Burning tractors and balers

Randy-IA

Member
On Saturday a distant neighbor was moving his new last year New Holland telefork (? Not sure what it was called) from one farm to another when it caught fire and burned to the ground. The owner is in his seventies I believe and got out unharmed. Then on another farm field access a few miles from here there was what appeared to be a New Holland round baler that had been burned up. There was some yellow paint still visible. I guess the moral is mount a fire extinguisher on the tractor or on each implement. A guy at Saturdays plow day had one on his plow. Something to think about. ...Randy
 
Not gonna stop much on a combine once they start to go. Maybe if you catch it early, but otherwise just get to a safe spot and let 'er go.

Donovan from Wisconsin
 
We always have both water and chemical extinguishers on the combines. When chaff and straw burns, the chemical extinguisher knocks down the flame but blows the embers all over the place but water drowns it on the spot. Of course water isn't good on an oil fire so the dry one comes into play for this scene. I've been told not to use a chemical extinguisher on a circuit board.(we had that happen last fall) A carbon dioxide one should be used instead because the chemical one will be hard on connectors.

Now, let's see---the combine is burning and we stand there scratching our chin trying to figure out which extinguisher to use. Yeah!

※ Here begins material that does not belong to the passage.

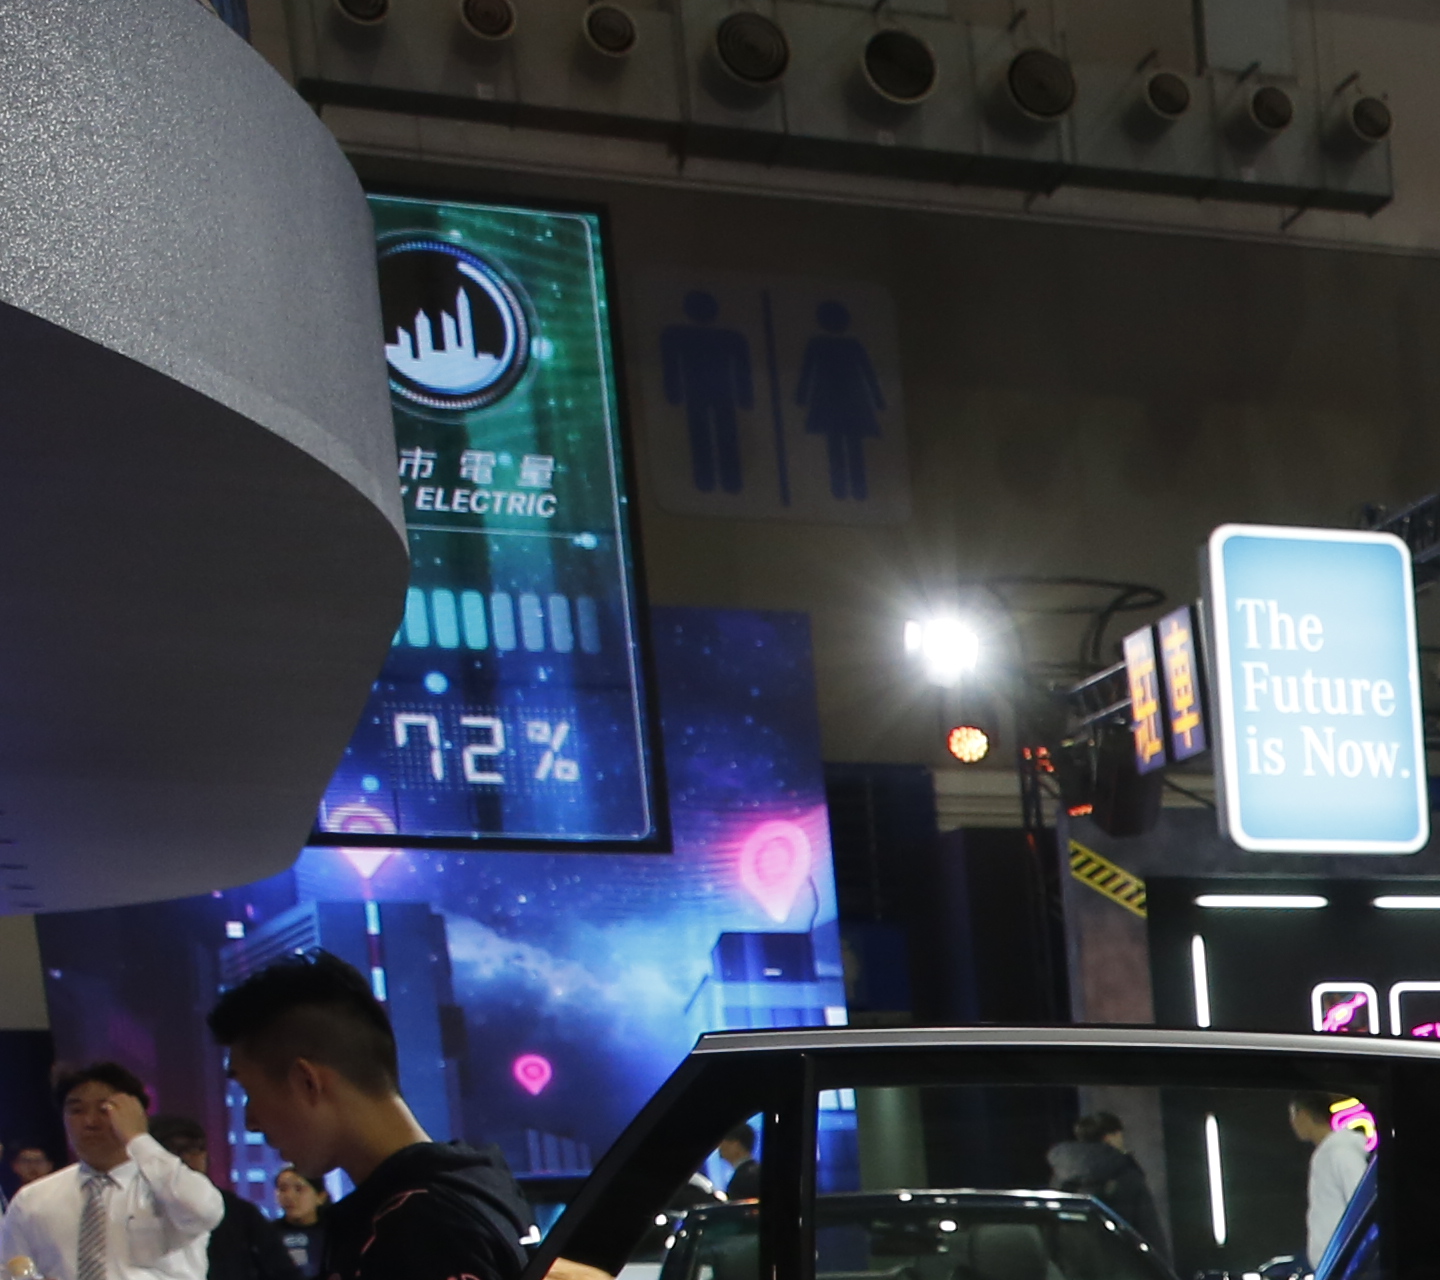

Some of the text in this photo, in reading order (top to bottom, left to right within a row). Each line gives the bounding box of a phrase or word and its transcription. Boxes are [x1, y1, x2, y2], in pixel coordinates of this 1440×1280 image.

A couple of years ago we had an oil fire in a combine that the extinguisher couldn't handle, and a couple of guys came with shovels and put it out with dirt before much damage was done.
 
Four of the wrong and too small extinguishers are more dangerous than no extinguisher.
We see $300,000 machines with a $19.99 5lb dry chem extinguisher. There would be more fire fighting power in giving the driver $19.99 worth of beer.
DRY CHEM class ABC extinguishers are about useless on a class A fire.
Every baler and combine needs at least two 5 gallon class extinguishers treated with AFFF. And drivers who know enough to park with the burning portions down wind.
 
I was at a New Holland hay clinic today. We talked about the 3 most important things this hay season.
1.Safety
2.Safety
3.Safety
Funny how some folks will spend thousands of dollars on a tractor and baler, but not spend the $250 on a water fire extinguisher for the baler and lose it all.
 
I do beleived you could get some measure of a man's wisdom by makeing a list of the things he doesn't have simply because he won't need them until "later-on".
extingusher/parachute/will/spare tire/emergency kit in truck/savings/swmbo calander/insurance/oil huricane lamp/storm-root cellar/
Yall scuez me I need to go borrow some things from my neighbor.
 
Looks like the gov-mint will have to step in, fire the machine builder CEO's , force the machine companies to add fire extinguishing equipment, safety seats, sound deadening, movement beepers, flashing warning lights, emission controls, reflective safety tape, fire rated safety glass, and non combustible hay.
 
Should take a good infrared thermometer on anything with bearings, like big round balers, and check bearing temps somewhat often.

If you find one starting to get warmer than normal, it's time to shut down and figure out why.